The original Fujifilm’s batteries for X system camera are expensive. That’s the reason why there are so many alternatives available, but it also makes the choice of the right one tough. They not only vary in price and capacity, but some 3rd party batteries can even swell in camera and potentially damage it. This article will hopefully help with the right choice due to extensive testing of capacities and heat characteristics of several available brands.
Each of the Fujifilm X-System cameras requires a NP-W126 or the newer NP-W126S battery for their operation. It’s definitely a good thing that people having multiple bodies don’t need multiple battery types and multiple chargers. This allows me to carry a backup X-M1 or X-T1 to my main X-T2 body while having just a single type of batteries. A little less exciting fact is that the original Fujifilm batteries are quite expensive, particularly considering their capacity and the price of similar Li-Ion batteries. Since you need quite few of them for real usage, it can cost quite a lot. Note that their capacity is considerably lower than a typical DSLR camera battery, while Fujifilm X-System cameras require much more power than a typical DSLR. NP-W126 is rated for 350 frames in X-T2 according to CIPA standard. Real life figure can certainly differ in both directions significantly. In case of long exposures in freezing temperatures you can expect much lower, but in case of continuous shooting it can easily be double of the specification. Note that in case of DSLR, the specs are usually in the range of 1000-1300 frames per battery.
NP-W126 vs.

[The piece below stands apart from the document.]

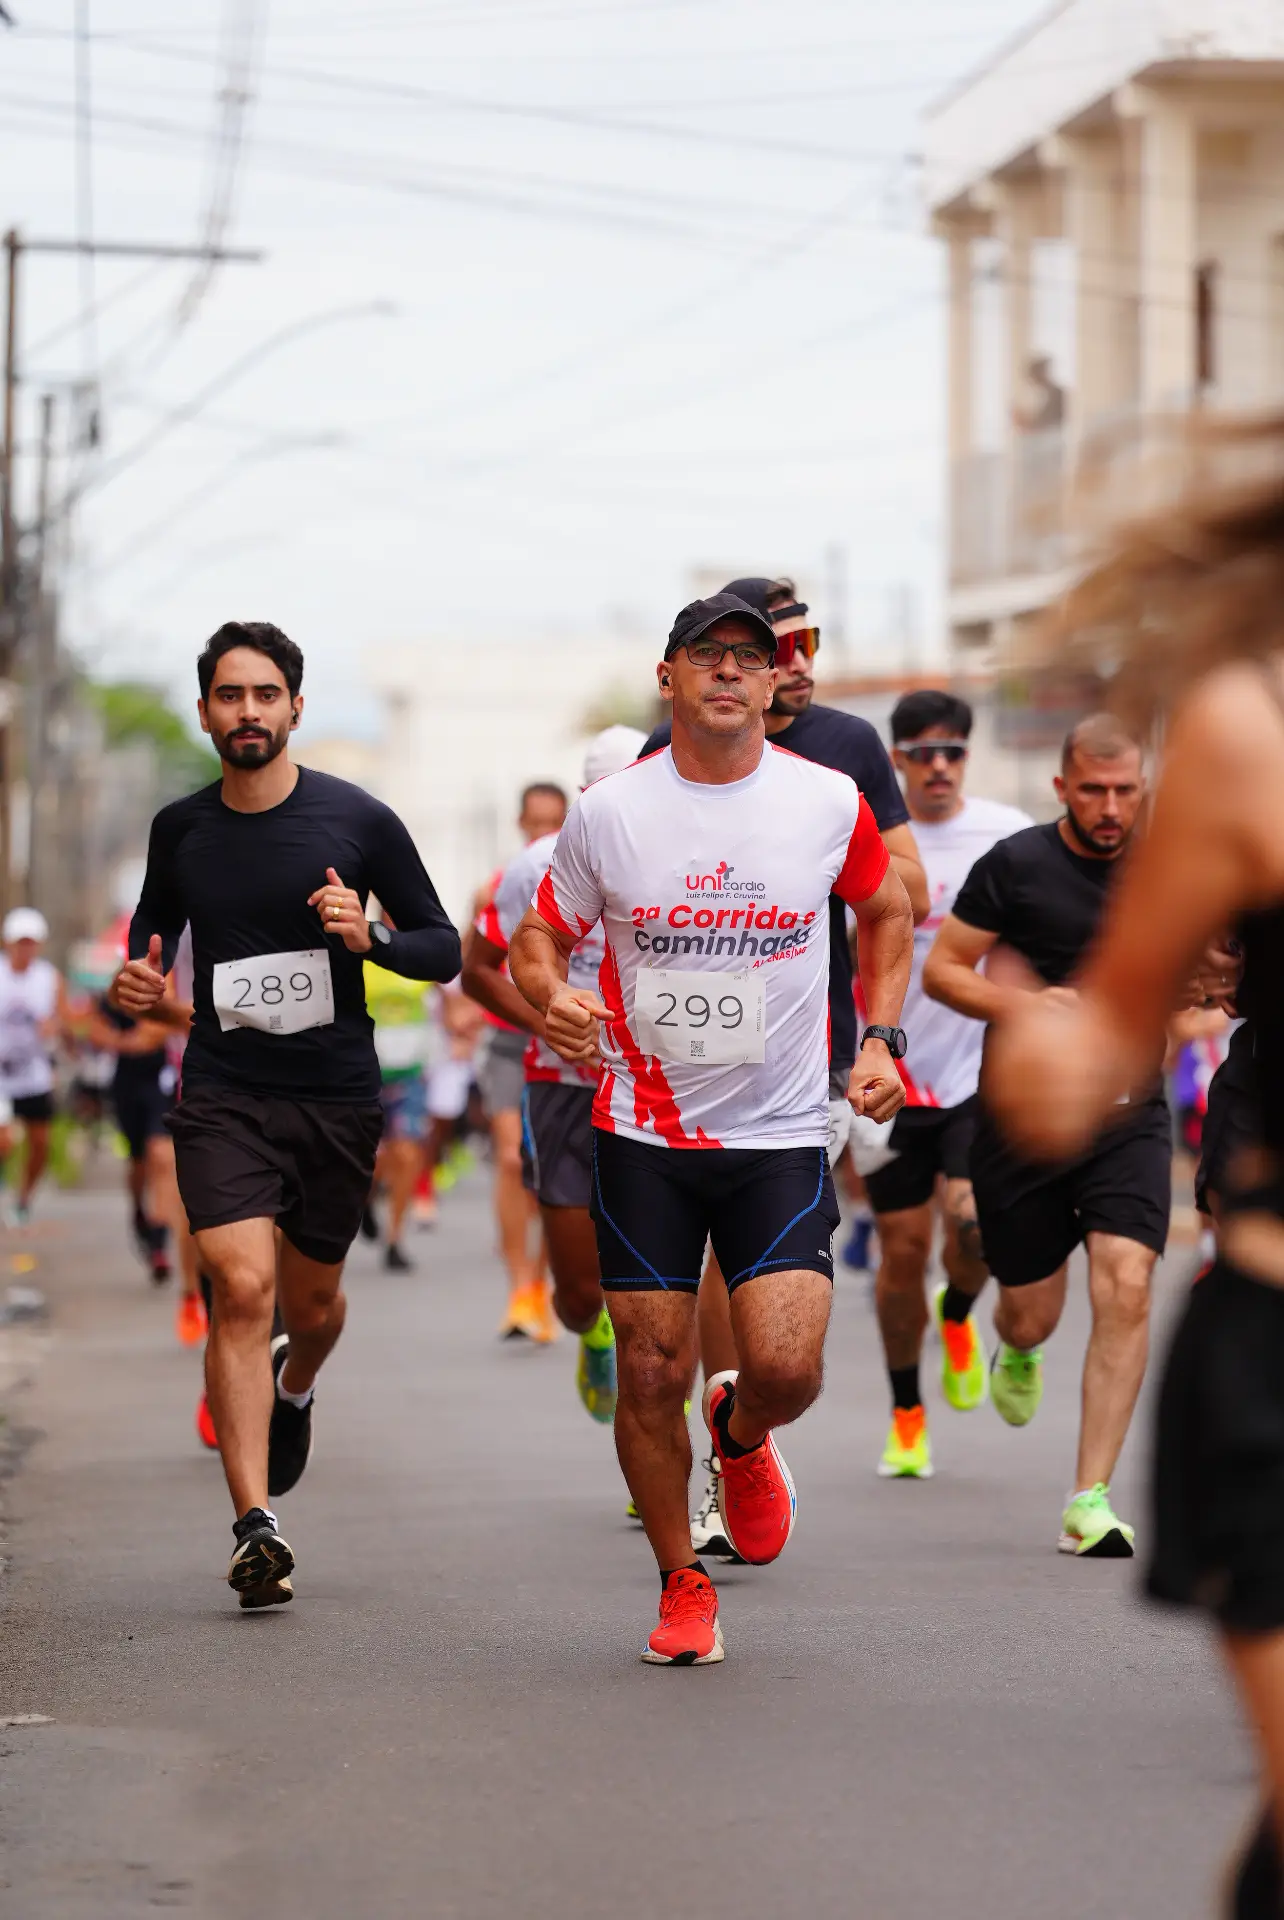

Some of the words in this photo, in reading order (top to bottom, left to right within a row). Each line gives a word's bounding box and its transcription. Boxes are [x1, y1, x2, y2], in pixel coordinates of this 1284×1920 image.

NP-W126S
In 2016 Fujifilm introduced an updated version of the NP-W126 battery, with ‘S’ added to the title. This created quite a bit of confusion regarding its uses, advantages, etc. So, to clarify, both batteries share the same dimensions, contacts and power characteristics — both can deliver roughly 1200 mAh. They are interchangeable for any use in Fujifilm cameras as long as you don’t use power demanding features, which particularly means 4K video recording or an intensive continuous shooting. The NP-W126S is supposed to be thermally more efficient and thus able to better handle substantial loads. So, if this is your use-case, the decision is quite easy — you should purchase the updated NP-W126S. To confirm this claim though, I made temperature measurements with results presented later in this article.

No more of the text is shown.